TO DO:
Once the line containing "this 1752×1168 image." is located, output it and every line after it through the end of the records, exactly as written and nothing else.
### DATA TO USE ###
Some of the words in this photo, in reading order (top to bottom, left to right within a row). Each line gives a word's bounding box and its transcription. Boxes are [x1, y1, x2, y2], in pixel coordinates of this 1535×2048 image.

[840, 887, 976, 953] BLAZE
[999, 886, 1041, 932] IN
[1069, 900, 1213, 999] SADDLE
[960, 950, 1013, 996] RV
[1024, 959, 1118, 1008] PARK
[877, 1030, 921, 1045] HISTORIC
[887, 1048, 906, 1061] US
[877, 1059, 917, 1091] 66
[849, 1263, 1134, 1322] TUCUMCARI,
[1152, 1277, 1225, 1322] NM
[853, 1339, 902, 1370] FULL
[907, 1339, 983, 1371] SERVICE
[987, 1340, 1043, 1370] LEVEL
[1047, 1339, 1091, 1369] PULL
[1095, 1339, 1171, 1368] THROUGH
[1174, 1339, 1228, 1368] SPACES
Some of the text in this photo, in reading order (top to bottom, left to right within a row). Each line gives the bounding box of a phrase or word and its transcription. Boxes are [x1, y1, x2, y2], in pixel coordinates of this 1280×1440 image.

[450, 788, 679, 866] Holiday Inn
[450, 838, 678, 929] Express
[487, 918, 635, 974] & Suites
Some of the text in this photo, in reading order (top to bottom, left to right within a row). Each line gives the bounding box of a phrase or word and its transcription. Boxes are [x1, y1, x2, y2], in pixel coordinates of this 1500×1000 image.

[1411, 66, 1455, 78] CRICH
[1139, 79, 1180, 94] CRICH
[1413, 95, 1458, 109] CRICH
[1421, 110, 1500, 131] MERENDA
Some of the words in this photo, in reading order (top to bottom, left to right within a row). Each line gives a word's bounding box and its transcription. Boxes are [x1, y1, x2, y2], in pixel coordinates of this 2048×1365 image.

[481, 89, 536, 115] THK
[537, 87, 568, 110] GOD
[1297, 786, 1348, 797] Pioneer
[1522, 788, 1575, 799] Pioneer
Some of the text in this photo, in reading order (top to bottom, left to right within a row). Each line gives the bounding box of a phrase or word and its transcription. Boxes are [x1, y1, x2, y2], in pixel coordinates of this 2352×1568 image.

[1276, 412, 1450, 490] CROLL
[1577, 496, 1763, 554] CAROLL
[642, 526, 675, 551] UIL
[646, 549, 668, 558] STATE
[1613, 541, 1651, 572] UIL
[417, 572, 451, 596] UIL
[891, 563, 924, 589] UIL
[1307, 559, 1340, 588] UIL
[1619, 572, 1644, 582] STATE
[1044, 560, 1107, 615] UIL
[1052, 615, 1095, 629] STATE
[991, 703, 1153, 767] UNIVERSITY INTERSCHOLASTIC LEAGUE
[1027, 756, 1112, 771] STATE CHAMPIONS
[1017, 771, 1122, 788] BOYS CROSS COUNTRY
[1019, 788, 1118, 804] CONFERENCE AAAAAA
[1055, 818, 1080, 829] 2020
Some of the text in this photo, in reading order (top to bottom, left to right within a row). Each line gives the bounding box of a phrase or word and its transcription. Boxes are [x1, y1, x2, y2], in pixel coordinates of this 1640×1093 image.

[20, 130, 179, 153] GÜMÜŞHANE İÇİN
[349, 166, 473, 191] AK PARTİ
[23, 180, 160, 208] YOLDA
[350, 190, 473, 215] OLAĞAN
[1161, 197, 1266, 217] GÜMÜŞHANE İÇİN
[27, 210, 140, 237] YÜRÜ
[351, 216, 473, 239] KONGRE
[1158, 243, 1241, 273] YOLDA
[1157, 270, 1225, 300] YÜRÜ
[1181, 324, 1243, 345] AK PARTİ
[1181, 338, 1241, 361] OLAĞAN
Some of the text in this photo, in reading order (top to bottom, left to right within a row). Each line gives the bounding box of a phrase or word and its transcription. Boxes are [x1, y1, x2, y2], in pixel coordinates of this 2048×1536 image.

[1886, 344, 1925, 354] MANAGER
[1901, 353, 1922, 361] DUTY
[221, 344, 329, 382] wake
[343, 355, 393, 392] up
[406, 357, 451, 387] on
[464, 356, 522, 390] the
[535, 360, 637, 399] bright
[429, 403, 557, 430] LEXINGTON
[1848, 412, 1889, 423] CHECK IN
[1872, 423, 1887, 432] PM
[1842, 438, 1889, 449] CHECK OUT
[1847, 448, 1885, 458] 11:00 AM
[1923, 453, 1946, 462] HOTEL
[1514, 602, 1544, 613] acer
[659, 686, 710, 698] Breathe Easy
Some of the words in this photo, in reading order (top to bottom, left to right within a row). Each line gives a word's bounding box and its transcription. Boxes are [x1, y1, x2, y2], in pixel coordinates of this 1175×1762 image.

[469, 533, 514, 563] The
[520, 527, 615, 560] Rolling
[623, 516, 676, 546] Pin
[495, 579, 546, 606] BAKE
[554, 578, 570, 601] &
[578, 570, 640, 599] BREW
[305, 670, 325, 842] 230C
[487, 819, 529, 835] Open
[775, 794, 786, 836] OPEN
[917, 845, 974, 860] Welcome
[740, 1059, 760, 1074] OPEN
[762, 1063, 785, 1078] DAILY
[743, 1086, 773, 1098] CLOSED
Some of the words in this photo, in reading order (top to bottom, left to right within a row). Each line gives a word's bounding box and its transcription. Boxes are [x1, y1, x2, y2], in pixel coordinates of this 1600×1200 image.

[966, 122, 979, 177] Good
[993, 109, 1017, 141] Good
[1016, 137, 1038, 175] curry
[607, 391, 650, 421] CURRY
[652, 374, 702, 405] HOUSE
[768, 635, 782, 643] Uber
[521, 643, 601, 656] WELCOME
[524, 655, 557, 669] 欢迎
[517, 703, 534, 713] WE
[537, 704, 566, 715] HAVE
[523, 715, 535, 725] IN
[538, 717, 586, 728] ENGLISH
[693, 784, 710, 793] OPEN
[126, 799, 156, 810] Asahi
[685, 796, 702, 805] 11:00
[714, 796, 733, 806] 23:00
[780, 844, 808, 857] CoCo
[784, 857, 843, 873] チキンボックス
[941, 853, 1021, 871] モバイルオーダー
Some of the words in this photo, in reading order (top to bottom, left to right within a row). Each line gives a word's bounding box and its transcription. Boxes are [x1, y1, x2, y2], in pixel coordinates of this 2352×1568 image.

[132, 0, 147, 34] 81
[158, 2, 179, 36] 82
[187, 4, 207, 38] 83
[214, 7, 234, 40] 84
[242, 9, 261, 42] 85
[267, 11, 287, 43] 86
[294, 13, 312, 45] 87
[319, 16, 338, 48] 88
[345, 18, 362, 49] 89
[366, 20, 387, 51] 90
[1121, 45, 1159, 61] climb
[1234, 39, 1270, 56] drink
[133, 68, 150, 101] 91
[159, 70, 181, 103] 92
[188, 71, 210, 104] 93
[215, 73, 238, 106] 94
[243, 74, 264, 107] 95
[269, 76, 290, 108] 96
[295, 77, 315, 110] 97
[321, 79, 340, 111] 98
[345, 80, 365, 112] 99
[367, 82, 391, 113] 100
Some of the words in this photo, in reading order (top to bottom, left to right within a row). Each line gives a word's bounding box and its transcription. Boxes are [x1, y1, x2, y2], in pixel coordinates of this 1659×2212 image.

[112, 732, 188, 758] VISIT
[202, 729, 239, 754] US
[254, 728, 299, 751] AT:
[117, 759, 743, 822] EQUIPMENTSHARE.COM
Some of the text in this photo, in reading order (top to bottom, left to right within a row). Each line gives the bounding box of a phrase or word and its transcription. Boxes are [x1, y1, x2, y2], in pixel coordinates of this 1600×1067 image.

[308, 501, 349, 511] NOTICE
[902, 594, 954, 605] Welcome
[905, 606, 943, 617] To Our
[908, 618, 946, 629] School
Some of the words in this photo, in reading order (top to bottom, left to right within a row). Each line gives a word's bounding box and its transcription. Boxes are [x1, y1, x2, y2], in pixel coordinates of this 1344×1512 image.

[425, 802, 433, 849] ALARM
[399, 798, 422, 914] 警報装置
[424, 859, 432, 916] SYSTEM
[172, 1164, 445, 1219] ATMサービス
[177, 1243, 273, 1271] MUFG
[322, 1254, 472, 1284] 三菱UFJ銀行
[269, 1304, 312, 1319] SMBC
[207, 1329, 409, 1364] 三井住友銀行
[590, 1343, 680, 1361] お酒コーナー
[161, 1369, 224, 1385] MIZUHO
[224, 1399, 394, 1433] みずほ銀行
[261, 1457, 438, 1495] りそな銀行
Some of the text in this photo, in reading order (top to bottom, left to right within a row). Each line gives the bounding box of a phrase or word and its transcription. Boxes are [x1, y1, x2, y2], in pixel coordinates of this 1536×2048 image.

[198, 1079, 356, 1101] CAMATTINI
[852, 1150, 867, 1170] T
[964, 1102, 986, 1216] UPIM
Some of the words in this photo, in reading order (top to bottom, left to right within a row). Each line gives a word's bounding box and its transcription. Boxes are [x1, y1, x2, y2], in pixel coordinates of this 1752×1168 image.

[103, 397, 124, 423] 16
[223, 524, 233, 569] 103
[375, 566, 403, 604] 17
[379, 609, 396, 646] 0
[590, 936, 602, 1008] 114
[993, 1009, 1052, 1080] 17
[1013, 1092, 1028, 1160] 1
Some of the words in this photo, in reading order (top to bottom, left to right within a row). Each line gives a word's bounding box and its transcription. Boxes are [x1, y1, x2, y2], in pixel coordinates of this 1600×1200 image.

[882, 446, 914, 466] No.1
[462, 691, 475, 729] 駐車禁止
###
OUTPUT FOR THIS EXERCISE:
Some of the words in this photo, in reading order (top to bottom, left to right within a row). Each line gives a word's bounding box and its transcription. Boxes are [x1, y1, x2, y2], in pixel coordinates of this 1752×1168 image.

[103, 397, 124, 423] 16
[223, 524, 233, 569] 103
[375, 566, 403, 604] 17
[379, 609, 396, 646] 0
[590, 936, 602, 1008] 114
[993, 1009, 1052, 1080] 17
[1013, 1092, 1028, 1160] 1
Some of the words in this photo, in reading order (top to bottom, left to right within a row). Each line gives a word's bounding box and its transcription. Boxes are [x1, y1, x2, y2], in pixel coordinates of this 1600×1200 image.

[882, 446, 914, 466] No.1
[462, 691, 475, 729] 駐車禁止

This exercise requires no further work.